The ADB recently released its sector-wide report on Energy Policy and Program from 2009 to 2019 based on the evaluation conducted by the Independent Evaluation Department (IED). The groups call on ADB to reconsider recommendations from the IED, particularly those that include waste-to-energy incineration as part of the circular economy and that of the renewable energy mix.

 “Waste-to-energy incineration should not be associated with climate solutions or efforts toward a circular economy because this “end-of-pipe” approach produces hazardous residue streams, blocks the implementation of Zero Waste strategies (e.g. product redesign, sorting at source, composting), imposes long-term financial burdens on local governments, and perpetuates the linear economic model of extraction, production, consumption, and disposal,” says Glenn Ymata of No Burn Pilipinas.

WTE Incineration has No Place in the Circular Economy

In the European Union (EU)'s latest Taxonomy Report, waste-to-energy incineration has been excluded from the list of economic activities that are considered as “sustainable finance.” This list of sustainable finance activities refer to those that can contribute to climate change mitigation without significantly impacting environmental objectives such as transition to a circular economy, waste prevention and recycling.

One principle of a circular economy model is designing waste out of local and national systems.  By continuing to fund waste-to-energy projects, ADB is preventing developing member-countries from transitioning to an authentic circular economy, which they claim to promote in the region. Projects involving the burning of waste are reinforcing dependencies on finite resources, and upholding unsustainable consumption because of its reliance on generated waste for its operations.

 WTE Incineration is not a Climate Solution

 Incinerators emit significant quantities of direct greenhouse gases, and are large sources of indirect greenhouse gases. The US Environmental Protection Agency (EPA) states that incinerators emit more carbon dioxide per megawatt-hour than coal-fired, natural-gas-fired or oil-fired power plants.

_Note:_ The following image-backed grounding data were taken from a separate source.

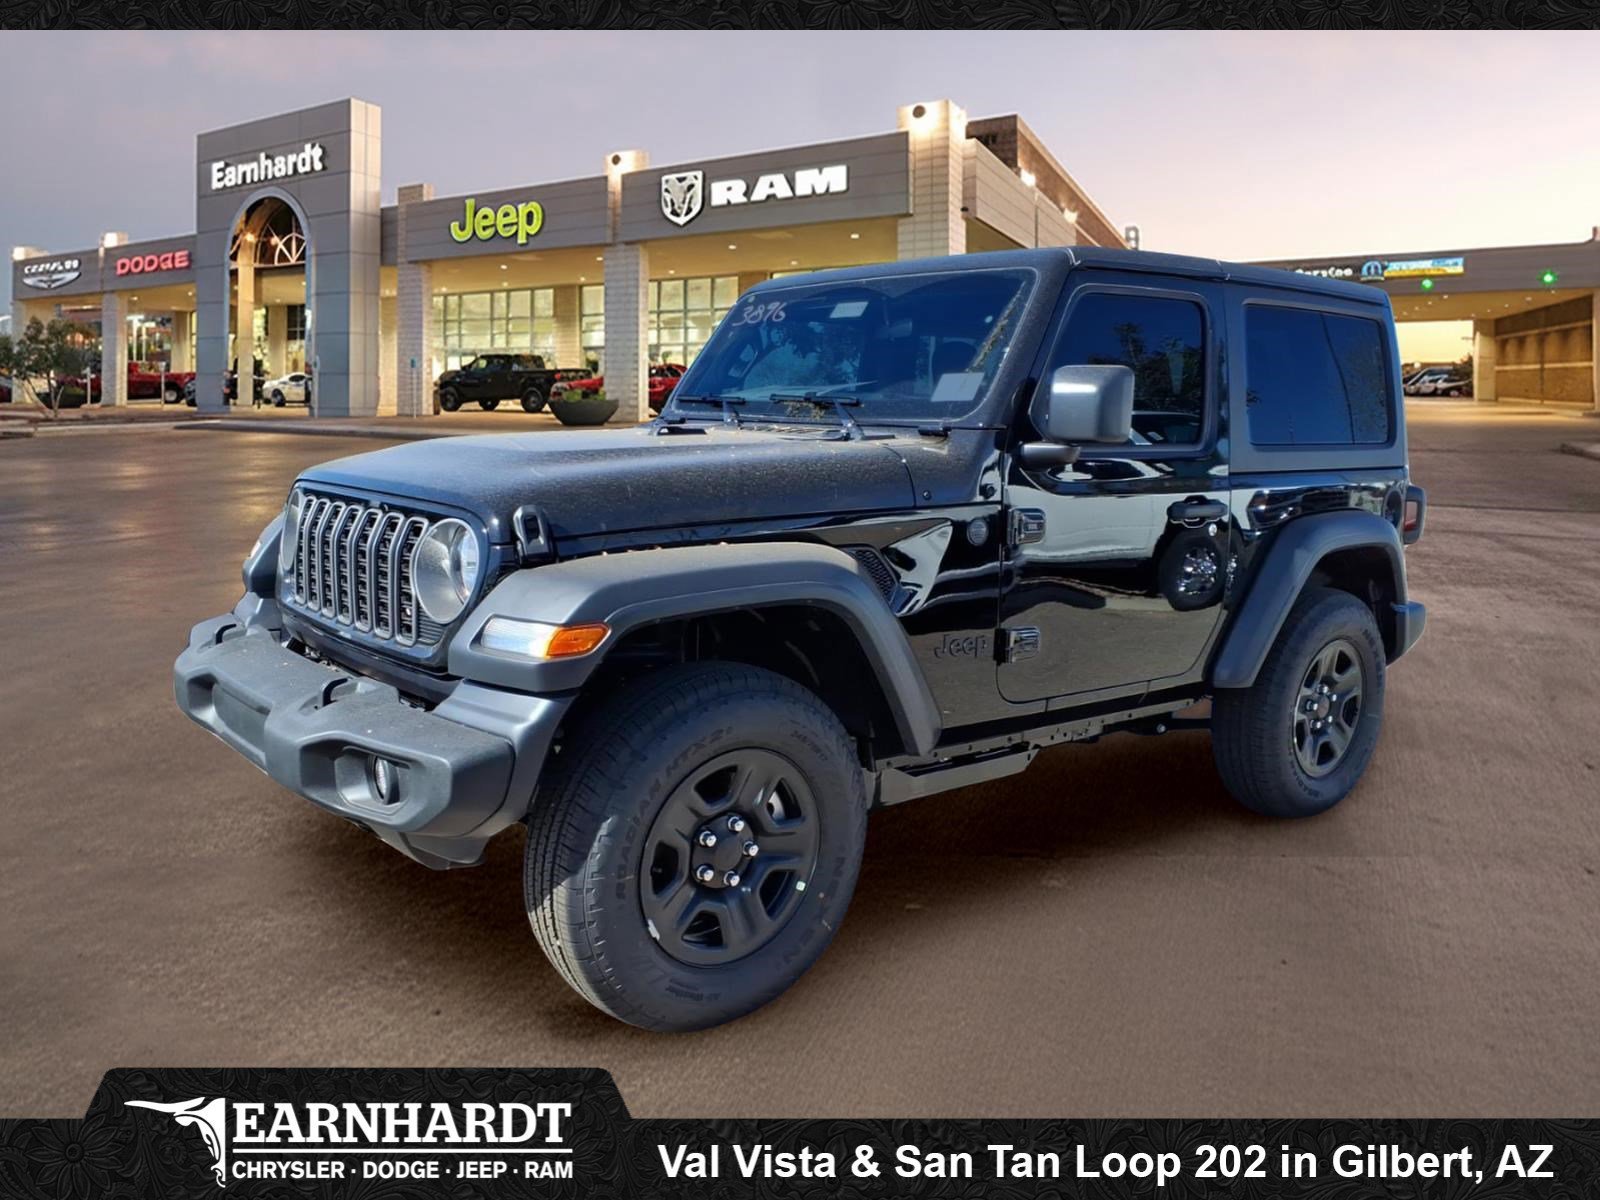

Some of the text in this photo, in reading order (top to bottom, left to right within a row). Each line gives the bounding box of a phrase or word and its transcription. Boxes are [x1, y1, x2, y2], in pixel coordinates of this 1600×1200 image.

[211, 143, 324, 190] Earnhardt
[711, 165, 848, 207] RAM
[449, 198, 544, 245] Jeep
[116, 250, 191, 276] DODGE
[934, 633, 987, 659] Jeep

 Zero Waste Europe cites the high levels of carbon intensity produced in waste-to-energy incineration, which is 296 g CO2eq per kWh. This means that the carbon intensity of energy produced through waste incineration (580g CO2eq/kWh) is already about two-times greater than the current EU average electricity grid carbon intensity. Carbon intensity refers to the amount of CO2 emissions equivalent per unit of electricity generated or per unit of output. Under electricity generation, the EU Taxonomy requires activities to produce less than 100g CO2/kWh. A 2015 Eunomia study found that “[t]he management of waste as residual waste makes a net contribution to the climate change balance” and that “[t]here is not that much difference between the landfill and incineration scenarios.”

WTE incineration is No Better Than Coal 

WTE incinerators are also fossil-fuel based because plastic waste, which comprise a significant fraction of municipal discards, are largely used as feedstock.

According to the Intergovernmental Panel on Climate Change (IPCC) of the United Nations Framework Convention on Climate Change (UNFCCC) guidelines, when the CO2 emitted is of fossil origin, it is counted as a net anthropogenic emission of CO2 to the atmosphere. Thus, the emission from waste-to-energy incineration is no different from that of coal-fired power plants. It is actually worse.

The incineration of 1 metric ton (Mt) of municipal waste in municipal-level incinerators is associated with the production/release of about 0.7 to 1.2 Mt of CO2. The Center for International Environmental Law (CIEL) estimates that about 2.9 Mt of CO2 is released into the atmosphere when 1 Mt of plastic packaging is incinerated.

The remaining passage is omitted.